**RECORDS FOR THE TASK:**
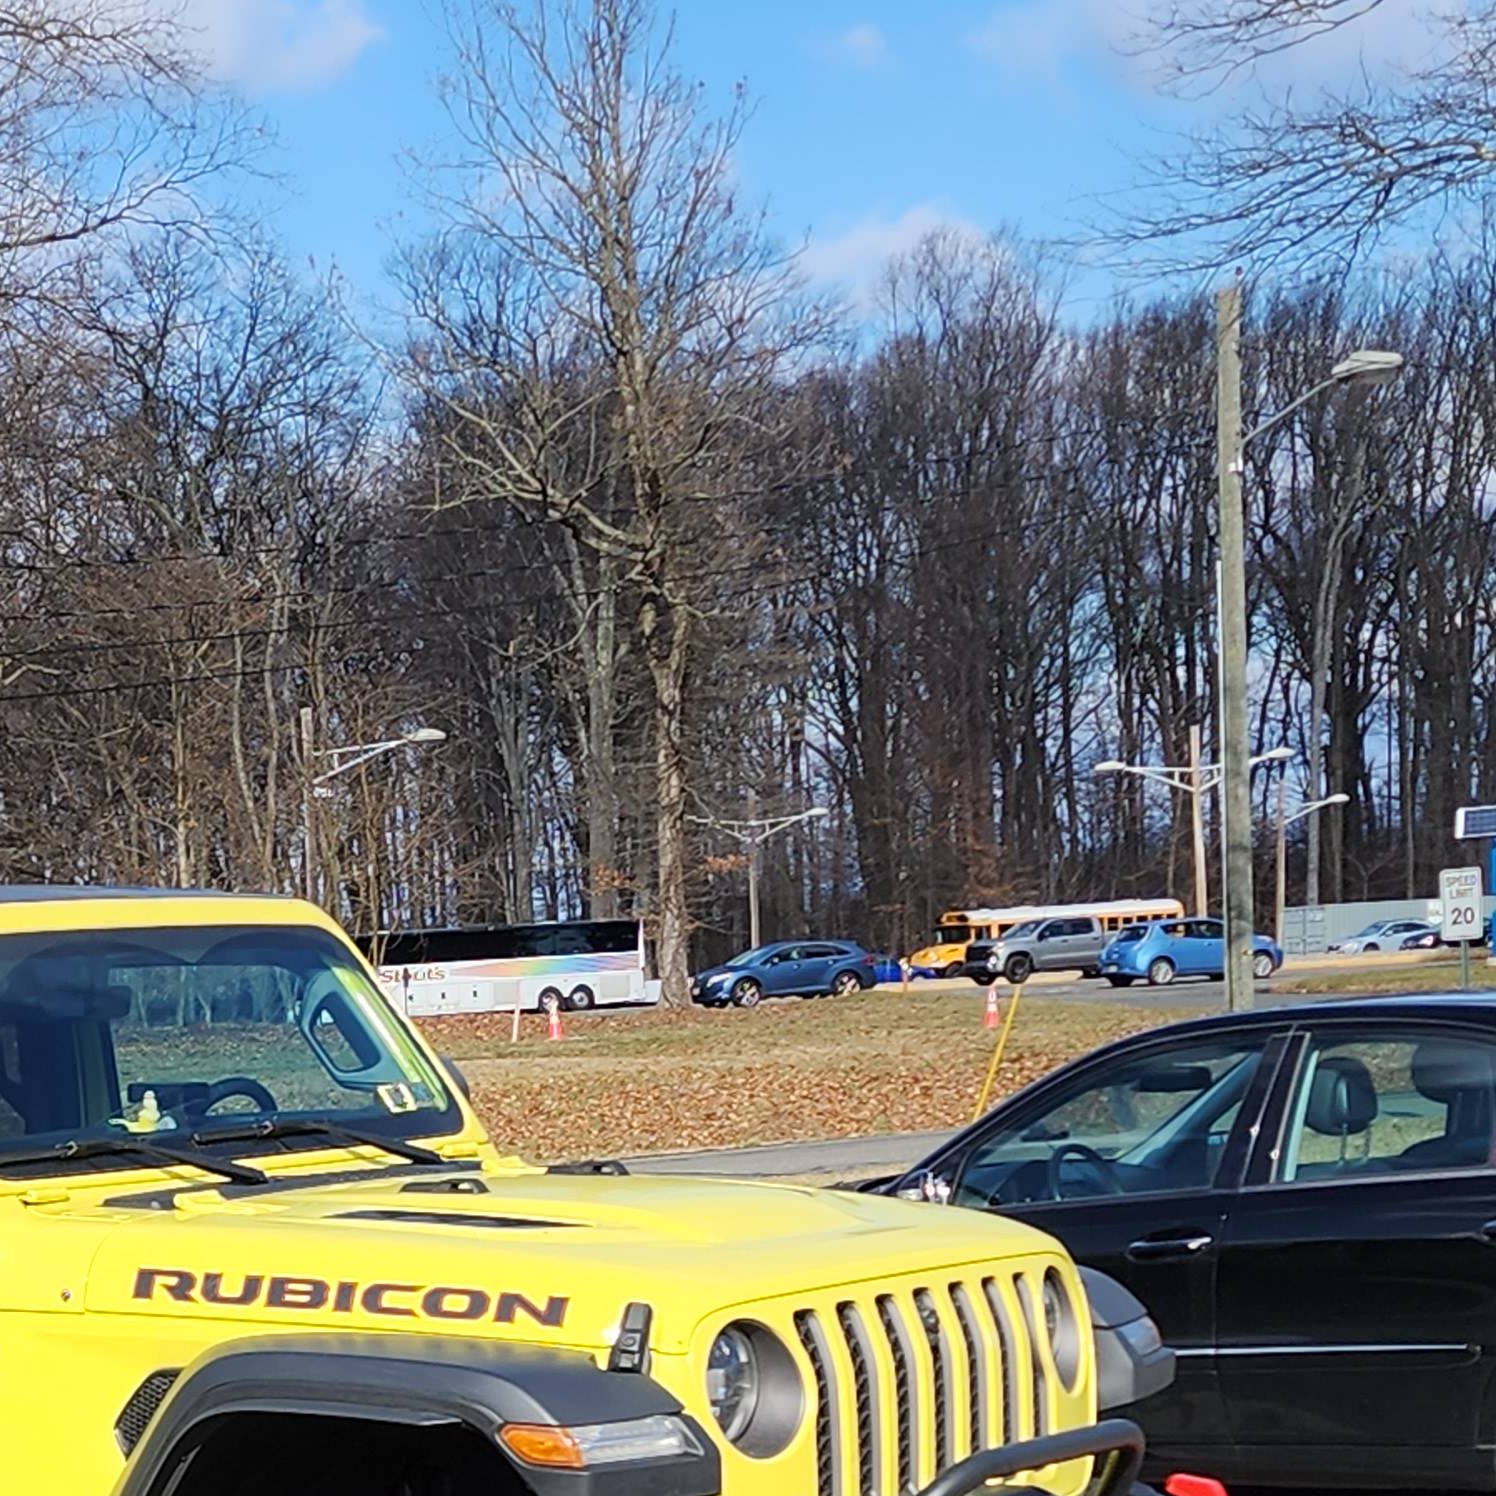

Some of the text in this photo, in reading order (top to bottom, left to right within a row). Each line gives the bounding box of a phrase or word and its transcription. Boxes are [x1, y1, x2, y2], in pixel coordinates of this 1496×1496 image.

[1445, 874, 1476, 888] SPEED
[1449, 887, 1474, 899] LIMIT
[1451, 907, 1475, 925] 20
[132, 1268, 571, 1328] RUBICON
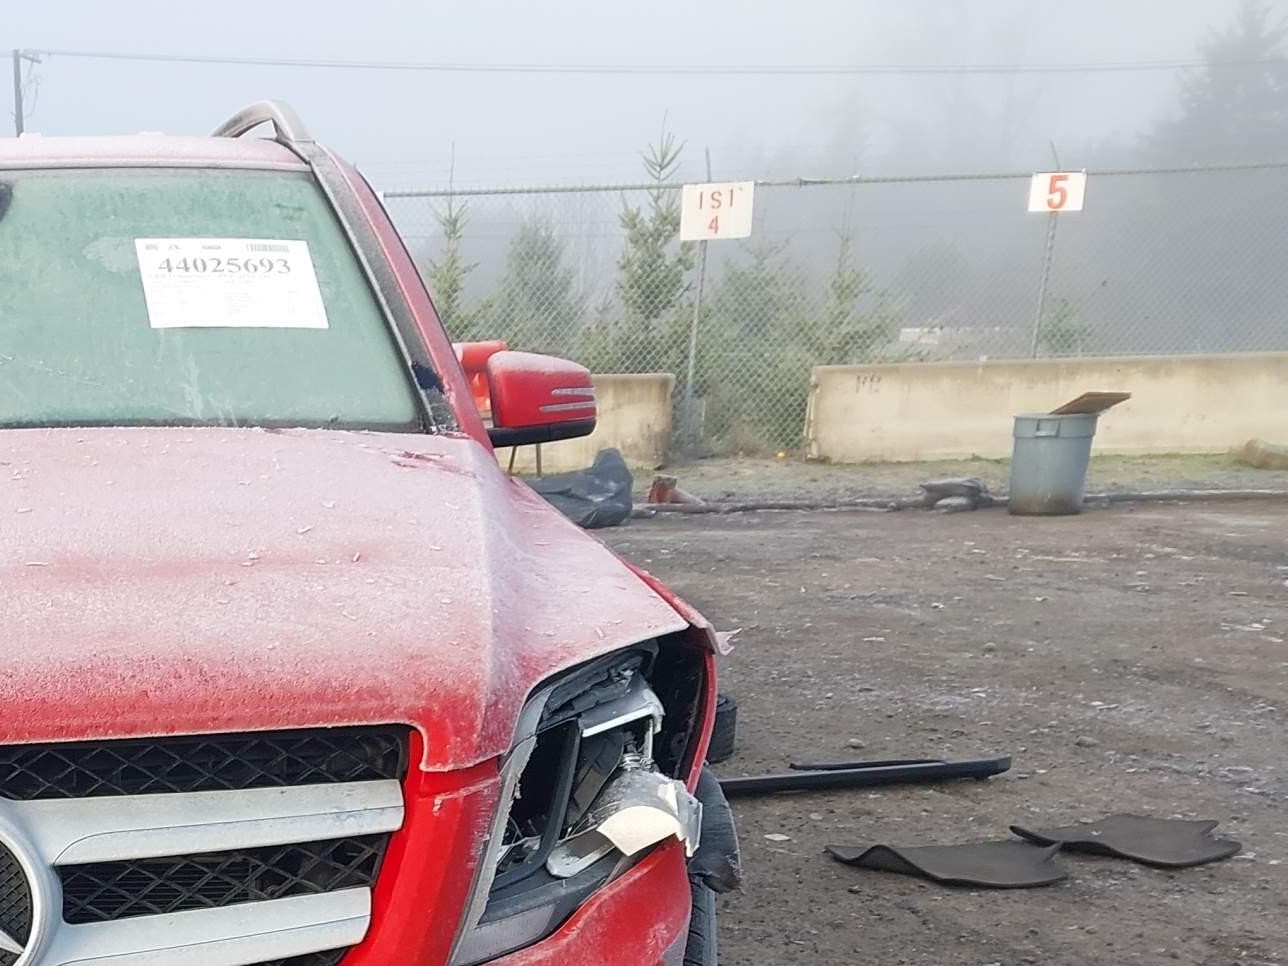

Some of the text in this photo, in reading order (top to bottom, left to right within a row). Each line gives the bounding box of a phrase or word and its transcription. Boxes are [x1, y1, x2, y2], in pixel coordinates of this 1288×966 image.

[1047, 175, 1069, 209] 5
[708, 215, 719, 234] 4
[158, 257, 291, 274] 44025693

**TASK ITEM:** Return the records word for word, leaving every picture out of the copy.

**COMPLETED EXERCISE:**
Some of the text in this photo, in reading order (top to bottom, left to right within a row). Each line gives the bounding box of a phrase or word and its transcription. Boxes are [x1, y1, x2, y2], in pixel coordinates of this 1496×1496 image.

[1445, 874, 1476, 888] SPEED
[1449, 887, 1474, 899] LIMIT
[1451, 907, 1475, 925] 20
[132, 1268, 571, 1328] RUBICON

Some of the text in this photo, in reading order (top to bottom, left to right within a row). Each line gives the bounding box of a phrase or word and its transcription. Boxes are [x1, y1, x2, y2], in pixel coordinates of this 1288×966 image.

[1047, 175, 1069, 209] 5
[708, 215, 719, 234] 4
[158, 257, 291, 274] 44025693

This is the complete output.